Old Quebec: make room for new families? Not so easy!

The real estate project at 8 McWilliam Street, in the historic district of Old Quebec, is a compromise. Not only does it respect the urban fabric of the sector, but it aims to welcome a hundred new residents in a neighborhood that has been struggling for too long.
For several months, a group of citizens, who live mostly in front of McWilliam islet and who say from the outset that the project will cause them inconvenience whatever the height, increases the pressure to block a project that is nevertheless born of a process of consultation and reflection.

In fact, after three years of design work with the Quebec City Planning and Conservation Commission and the Ministry of Culture, the many requirements and recommendations were put in place and the project was hailed by the all of these stakeholders. Even before filing the first draft, a study was conducted to determine the impact that a six-storey building would have on the luminosity and visual breakthroughs of neighboring buildings.

In other words, the first version of the project was, from the start, a reflection conducted in the interest of residents of the neighborhood.

In addition, these studies show that the addition of a fifth floor will have almost no impact on the sunshine and visual breakthroughs of neighboring buildings, because this fifth floor is located in the attic of the building.

Given the concerns raised by some citizens, the plans were redone to find a solution to take into account their concerns, and not to compromise the viability of the project. The result was to reduce the number of storeys to five, to obtain a building height of 18 meters calculated at the top of the roof (the highest point). This adjustment was made with the goal that the project be accepted by the residents of Old Quebec. In total, the project has been revisited more than six times to meet the expectations of all parties.

The integration of this project in the community of Old Quebec and its unique architecture was at the heart of the concerns during its design. To achieve this, the building will be built with the highest quality materials, respectful of the architectural heritage of Old Quebec, and will have the effect, we believe, to enhance the neighboring buildings.

Contrary to what some local residents have written, the project, in its current form, fits into its immediate environment. The architecture has been specifically designed to ensure that at ground level, the building gives the impression of having a height of four floors (thirteen meters). Indeed, thanks to the sloping roof, the fifth floor is invisible to the eyes of the walker and does not affect the integrity of the landscape nor the brightness for the neighbors.

This means that the real impact of this project is the same as that of a thirteen-meter flat-roofed building, which is permitted by current zoning. It should also be specified that seven of the fifteen surrounding buildings, several of which house the dwellings of protesting residents, have a height which exceeds that established by the by-law of which the same protesting residents require full application.

The question arises: how can we attract new residents to the historic district when we do not compromise on the establishment of a viable project linking the economic and aesthetic aspects?

As such, the man who nominated Quebec for his UNESCO ranking, Serge Viau, wrote in Le Soleil to publicly support the project as it was presented, seeing it as a compromise. quite acceptable. As pointed out by the one who has been a manager at the Ville de Québec for several years, and who has led several projects in urban planning, it is important to strike a balance between architecture and viability, in order to obtain projects that are well integrated with their environment.
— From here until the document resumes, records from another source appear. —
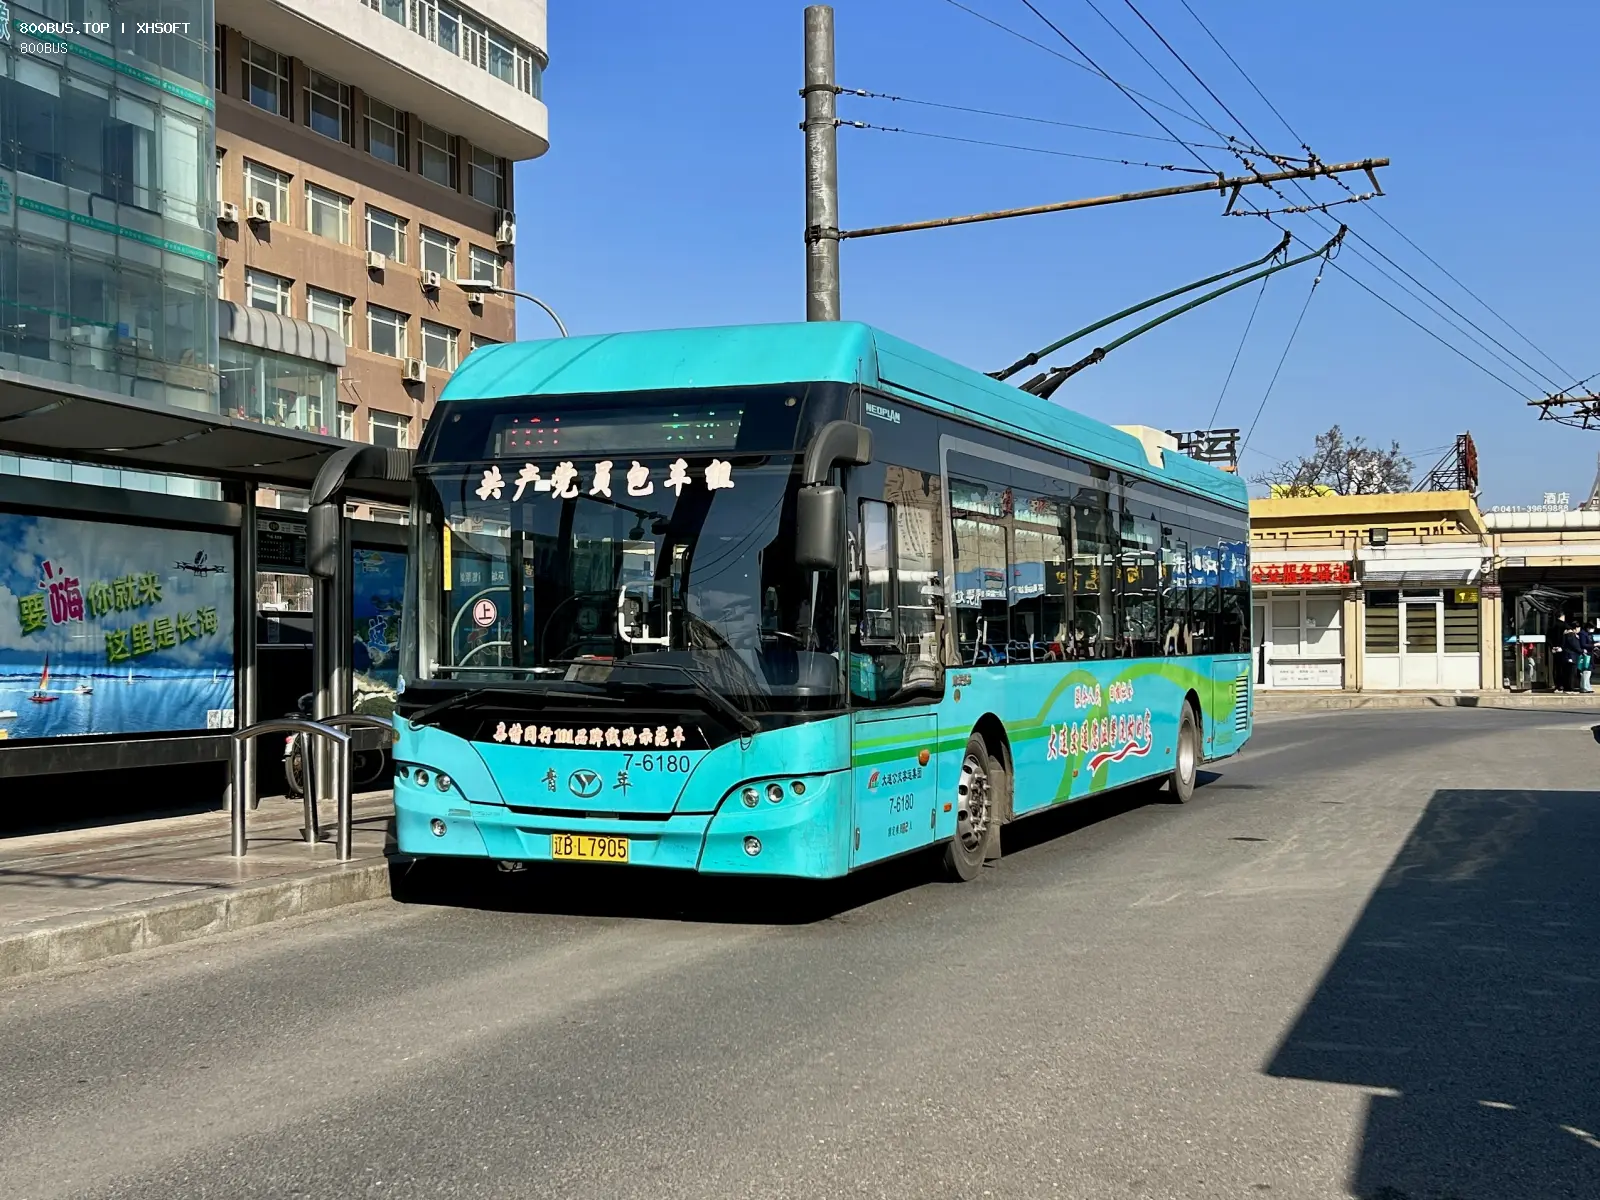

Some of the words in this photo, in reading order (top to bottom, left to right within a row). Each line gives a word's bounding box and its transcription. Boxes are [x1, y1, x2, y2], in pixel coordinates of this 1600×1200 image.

[865, 402, 901, 423] NEOPLAN
[475, 457, 735, 502] 共产党员包车组
[1543, 491, 1570, 505] 酒店
[1251, 561, 1351, 584] 公交服务驿站
[18, 571, 163, 637] 要嗨你就来
[478, 603, 493, 620] 上
[104, 604, 219, 662] 这里是长海
[622, 753, 691, 773] 7-6180
[888, 793, 914, 815] 7-6180
The project presented to the City is located on this point of balance.

It is therefore misleading to argue that a zoning change would set a precedent for other developers interested in building higher in Old Quebec. The exemption from the zoning by-law sought is intended to apply only to the construction plan that has been submitted to the City, and to it alone. This means that a five-storey building could not be built in another form than the one already approved.

As Mr. Viau correctly pointed out, the proposal by the City of Quebec to submit a construction plan is the ideal solution since it constitutes a guarantee that the zoning derogation applies only to the project that has been submitted. .

The change is scary. Unfortunately, the unfounded fears of some residents who view this residential project in a negative light, regardless of their height, could compromise the construction of a quality and harmonious building to make way for a project that complies with regulation, will bear the marks of the constraints of profitability and will not have the effect of increasing the value of this historic district.

The soul of a neighborhood comes from those who reside there; otherwise, it is little more than a tourist attraction park. When analyzing what is most likely to protect the historic heritage of Old Québec, an objective analysis of the facts should lead to the conclusion that the arrival of one hundred new residents living in a high-quality building whose visual impacts are, in addition to its very existence, almost nonexistent, should supplant the fear that some residents maintain that a precedent is created and give way to a hypothetically undesirable project.

It must be reasonable, the historical heritage, it is shared.

Local information matters to me and I want to participate in the future of my life.